-------- Materials provided

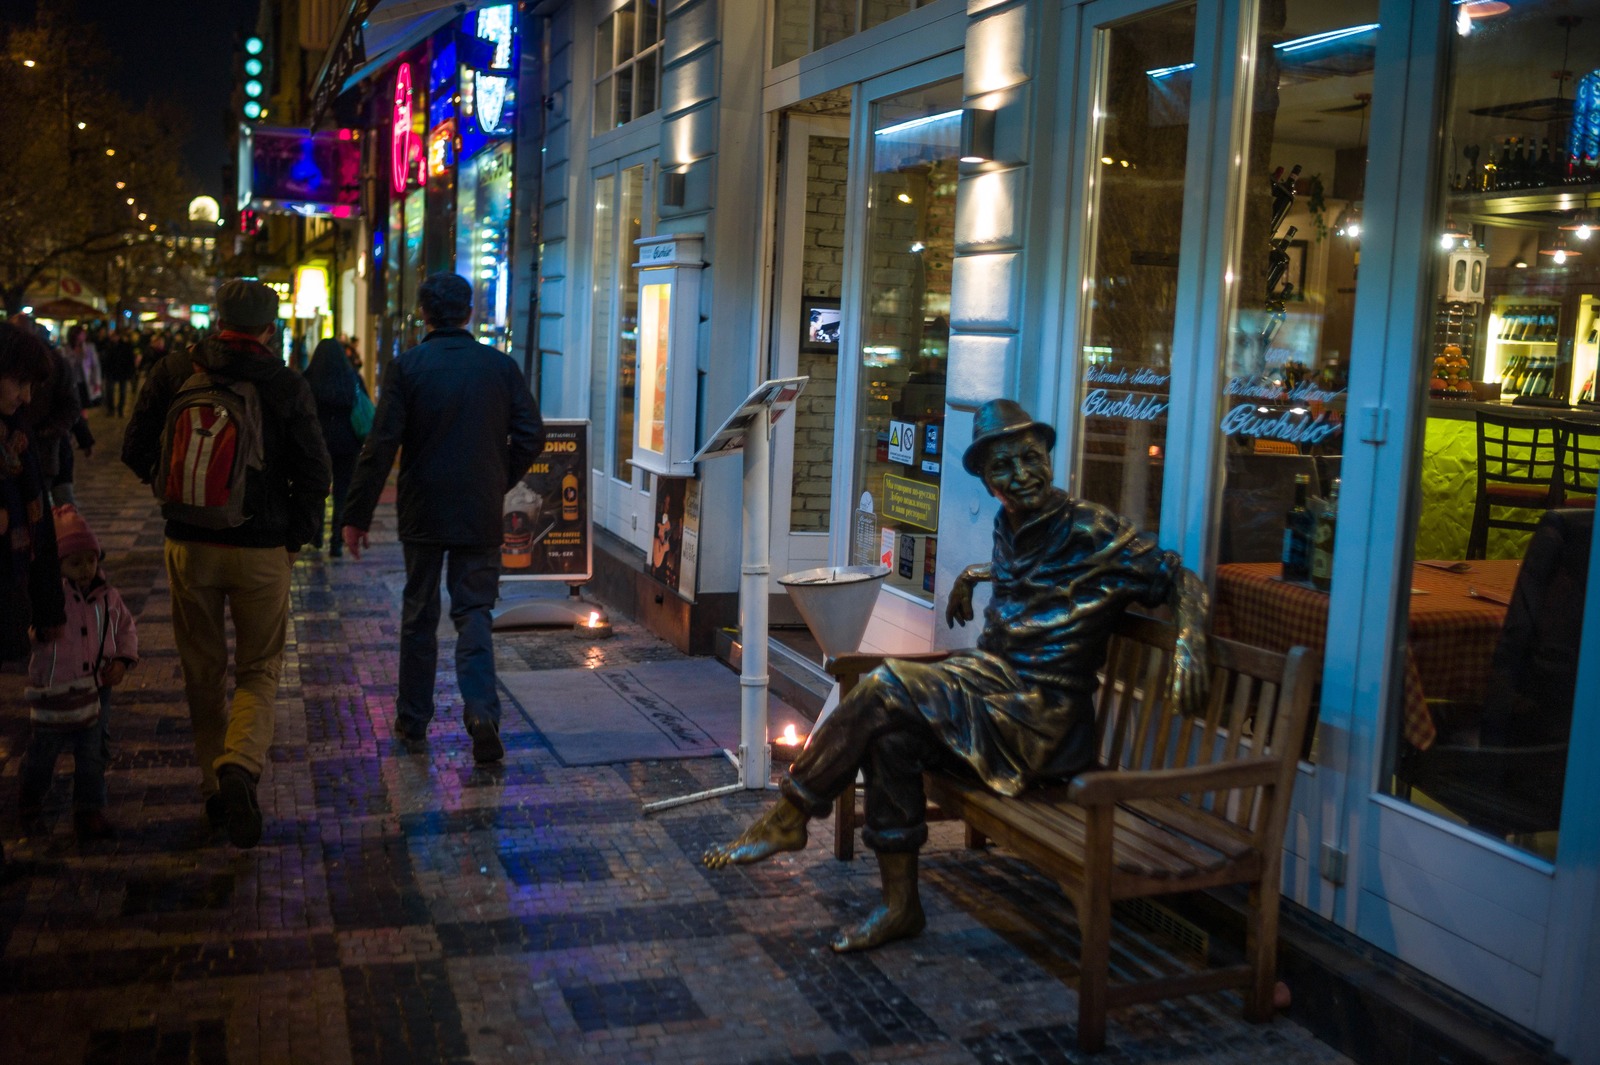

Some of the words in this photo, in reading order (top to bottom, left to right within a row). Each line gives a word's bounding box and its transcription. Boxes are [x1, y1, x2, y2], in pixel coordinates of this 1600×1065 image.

[1083, 364, 1127, 384] Ristorante
[1129, 366, 1170, 385] italiano
[1223, 376, 1283, 399] Ristorante
[1287, 379, 1347, 402] italiano
[543, 440, 577, 453] DINO

----------------

Write the listing out in full, exactly; no images.

Some of the words in this photo, in reading order (top to bottom, left to right within a row). Each line gives a word's bounding box and its transcription. Boxes are [x1, y1, x2, y2], in pixel coordinates of this 1600×1065 image.

[1083, 364, 1127, 384] Ristorante
[1129, 366, 1170, 385] italiano
[1223, 376, 1283, 399] Ristorante
[1287, 379, 1347, 402] italiano
[543, 440, 577, 453] DINO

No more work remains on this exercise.